Even if label executives’ eyes light up at the prospect of future crossover activity between two lucrative sounds, the trap-regional (to use a clunky umbrella term) meeting is one that has been quietly explored by Mexican artists for years. Considering Mexican musical history, it’s a wonder that the sound took this long to break.

W. Corona, a.k.a. Iván Gonzáles, grew up skateboarding in Monterrey, a city that has earned its place in Mexican hip-hop lore. As a kid, his headphones were filled with the music of Notorious B.I.G., Tupac, the Sugarhill Gang’s Master G, and Snoop Dogg. Around him, a local hip-hop scene had formed, composed by artists like H Muda and Artillería Pesada. Many were influenced by Control Machete, the seminal MTY group that helped expand possibilities for Mexican hip-hop, and took crossover risks of their own, such as with their appearance on Celso Piña’s 2001 album Barrio Brava.

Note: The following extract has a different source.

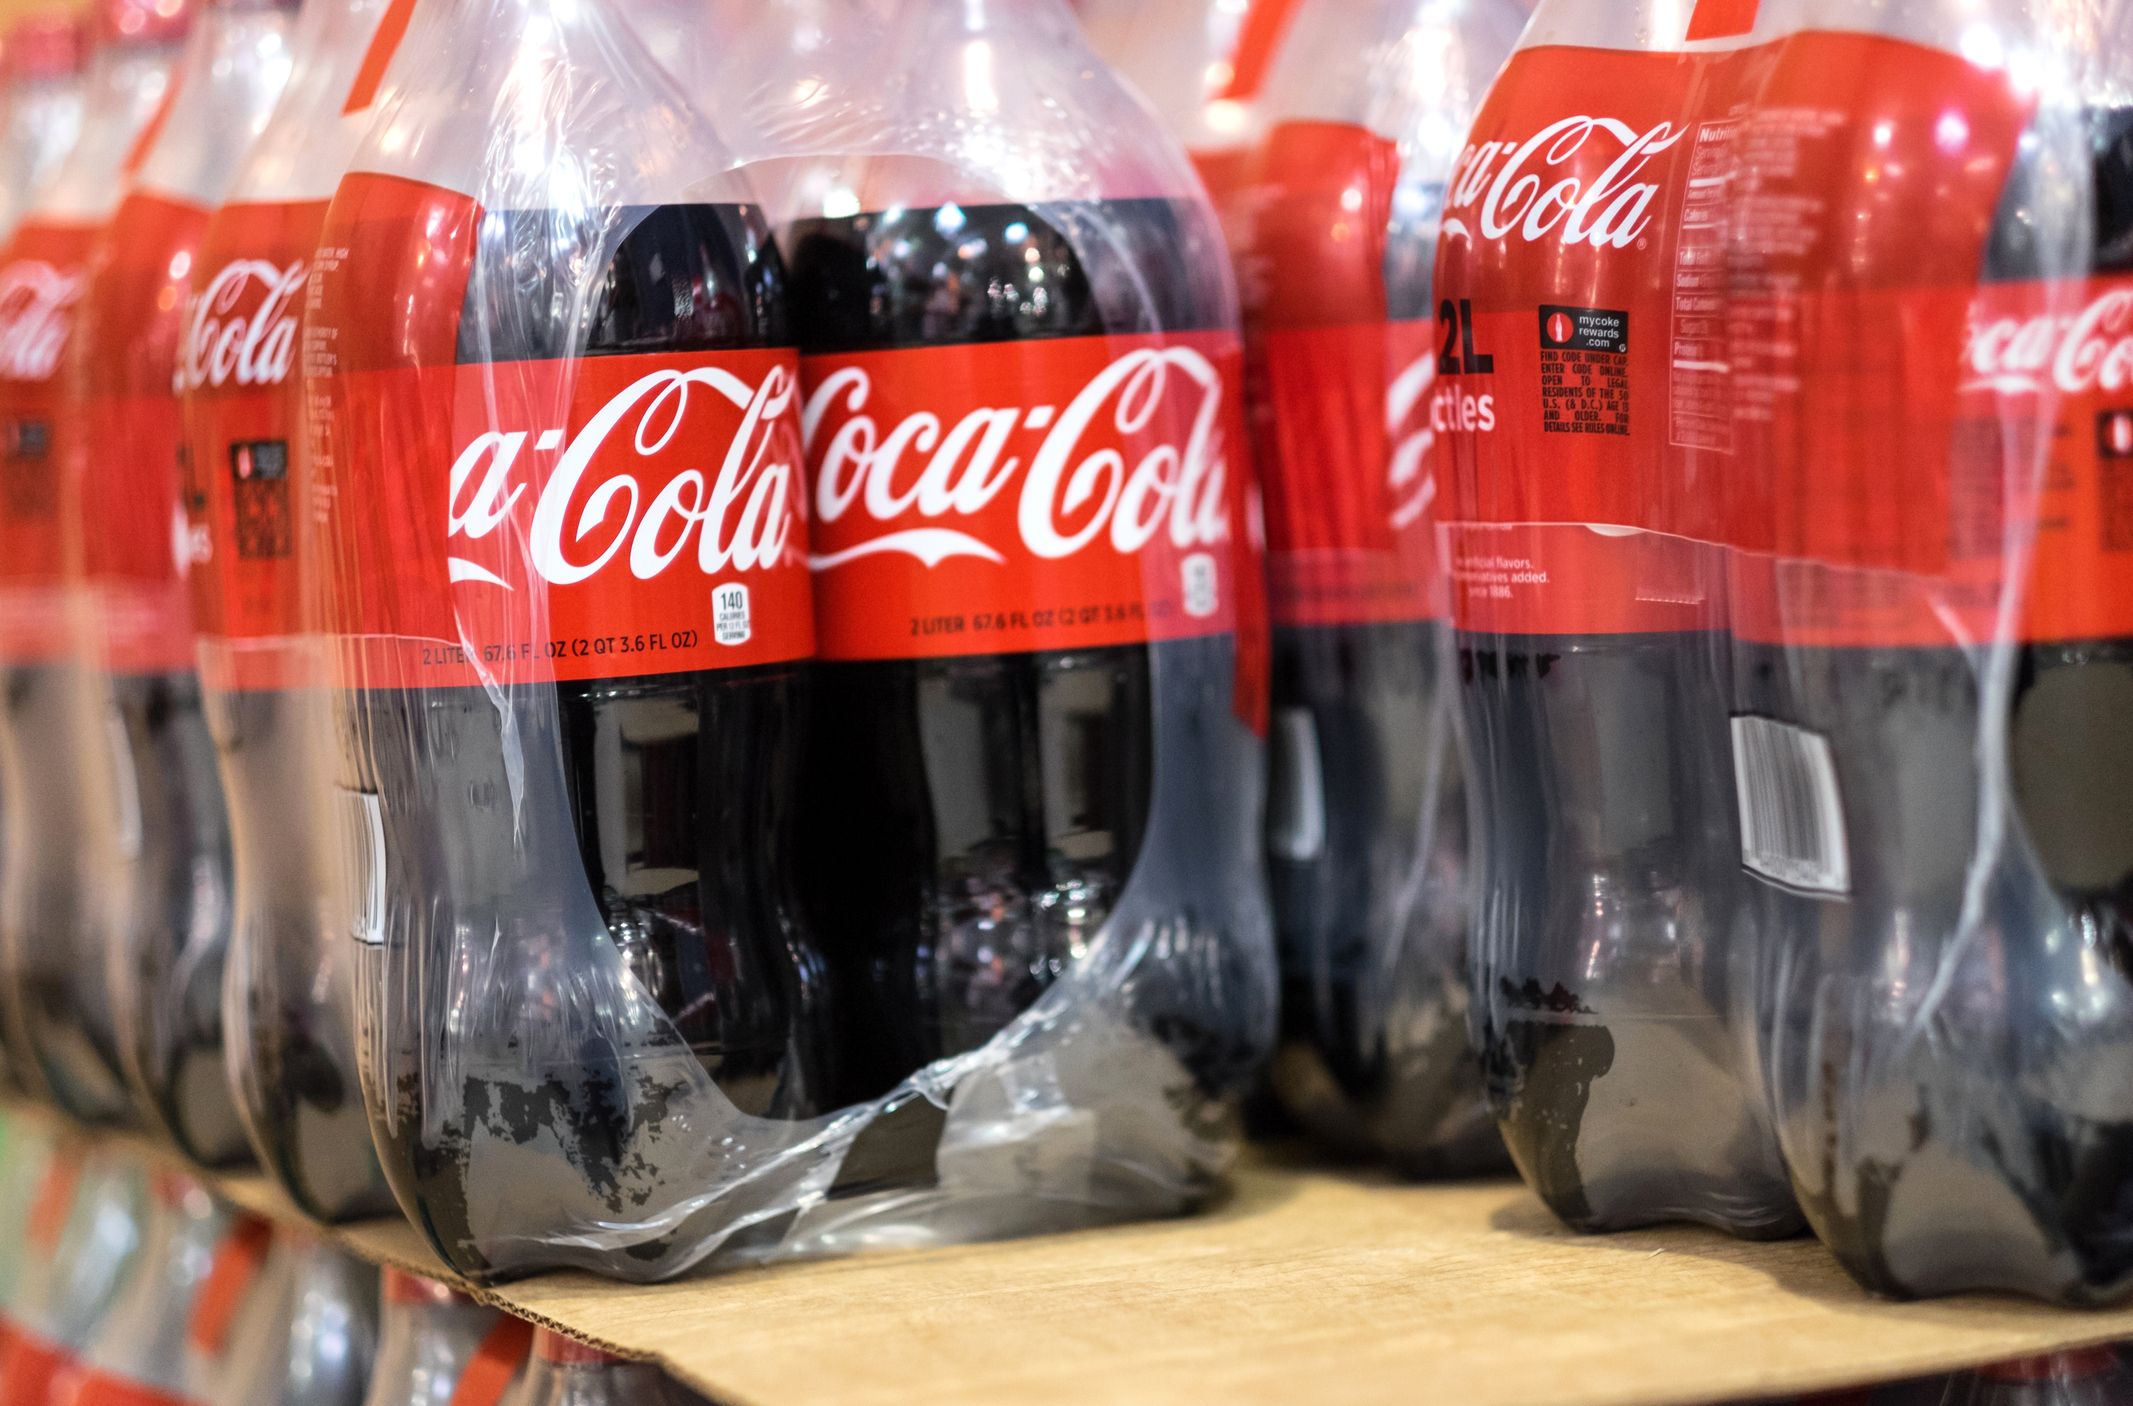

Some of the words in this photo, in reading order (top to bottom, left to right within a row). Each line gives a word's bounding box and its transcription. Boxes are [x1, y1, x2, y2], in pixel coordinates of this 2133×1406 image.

“Everything was very underground,” W. Corona tells Remezcla of these early days. He laughs at the fact that he was drunk the first time he jumped into a battle, but soon he was hooked. Soon thereafter, he formed his first duo with fellow regiomontano emcee Millonario. “Clubs would charge 20 pesos for [a] show, and you got there and you would know almost everyone,” Gonzáles says. “There were hardly any fans—there were, but very few. We’d be there in the cantina, and we’d perform. There’d be fights, but that was what things were like back then.”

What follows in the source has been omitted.